• _TASK TO CARRY OUT_:
Your task is to extract every entry that follows word for word while excluding the pictures.

[Text-to-region grounding data]
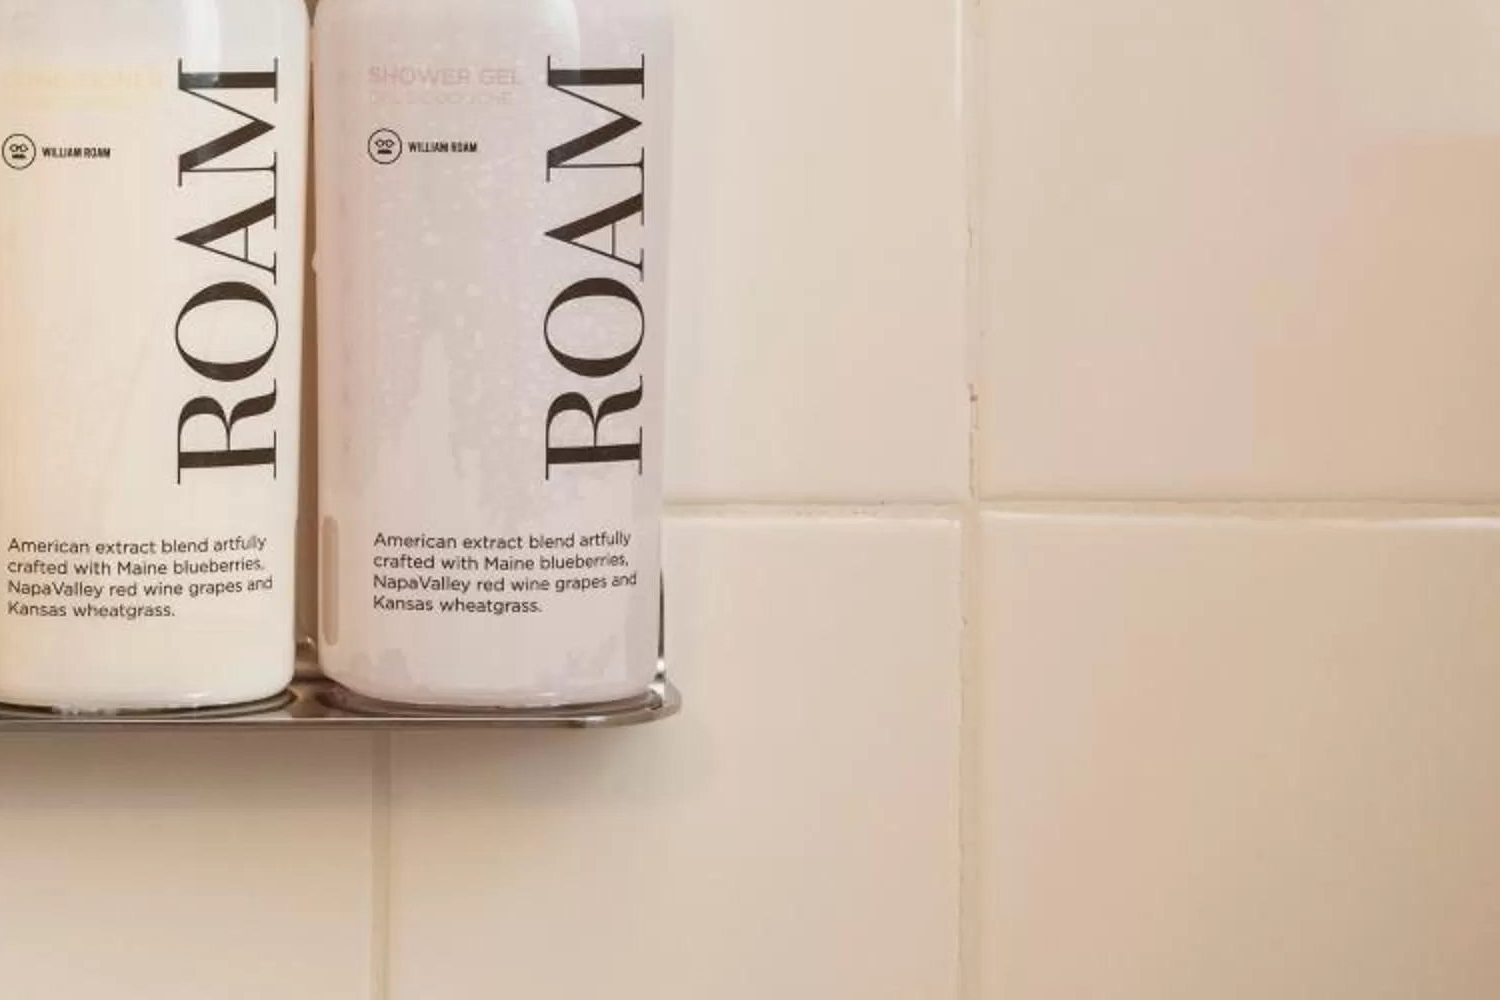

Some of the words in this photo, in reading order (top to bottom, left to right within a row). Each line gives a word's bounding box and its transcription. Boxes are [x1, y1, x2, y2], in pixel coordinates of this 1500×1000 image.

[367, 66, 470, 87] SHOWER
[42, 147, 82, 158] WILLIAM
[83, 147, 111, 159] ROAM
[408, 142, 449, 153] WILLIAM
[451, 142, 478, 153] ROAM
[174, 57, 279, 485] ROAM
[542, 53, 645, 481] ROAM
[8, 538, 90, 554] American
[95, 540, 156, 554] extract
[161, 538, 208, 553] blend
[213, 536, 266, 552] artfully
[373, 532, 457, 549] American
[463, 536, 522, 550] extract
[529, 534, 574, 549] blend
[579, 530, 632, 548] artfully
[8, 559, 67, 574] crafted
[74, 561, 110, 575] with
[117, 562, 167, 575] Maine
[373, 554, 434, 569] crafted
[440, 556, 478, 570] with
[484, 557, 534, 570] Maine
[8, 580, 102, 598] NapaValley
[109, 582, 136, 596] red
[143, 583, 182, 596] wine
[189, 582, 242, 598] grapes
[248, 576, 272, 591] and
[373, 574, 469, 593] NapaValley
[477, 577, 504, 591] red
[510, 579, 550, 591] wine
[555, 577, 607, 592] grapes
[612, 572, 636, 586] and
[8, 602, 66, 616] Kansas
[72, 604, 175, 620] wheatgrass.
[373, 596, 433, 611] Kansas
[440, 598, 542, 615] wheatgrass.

• _TASK RESPONSE_:
Some of the words in this photo, in reading order (top to bottom, left to right within a row). Each line gives a word's bounding box and its transcription. Boxes are [x1, y1, x2, y2], in pixel coordinates of this 1500×1000 image.

[367, 66, 470, 87] SHOWER
[42, 147, 82, 158] WILLIAM
[83, 147, 111, 159] ROAM
[408, 142, 449, 153] WILLIAM
[451, 142, 478, 153] ROAM
[174, 57, 279, 485] ROAM
[542, 53, 645, 481] ROAM
[8, 538, 90, 554] American
[95, 540, 156, 554] extract
[161, 538, 208, 553] blend
[213, 536, 266, 552] artfully
[373, 532, 457, 549] American
[463, 536, 522, 550] extract
[529, 534, 574, 549] blend
[579, 530, 632, 548] artfully
[8, 559, 67, 574] crafted
[74, 561, 110, 575] with
[117, 562, 167, 575] Maine
[373, 554, 434, 569] crafted
[440, 556, 478, 570] with
[484, 557, 534, 570] Maine
[8, 580, 102, 598] NapaValley
[109, 582, 136, 596] red
[143, 583, 182, 596] wine
[189, 582, 242, 598] grapes
[248, 576, 272, 591] and
[373, 574, 469, 593] NapaValley
[477, 577, 504, 591] red
[510, 579, 550, 591] wine
[555, 577, 607, 592] grapes
[612, 572, 636, 586] and
[8, 602, 66, 616] Kansas
[72, 604, 175, 620] wheatgrass.
[373, 596, 433, 611] Kansas
[440, 598, 542, 615] wheatgrass.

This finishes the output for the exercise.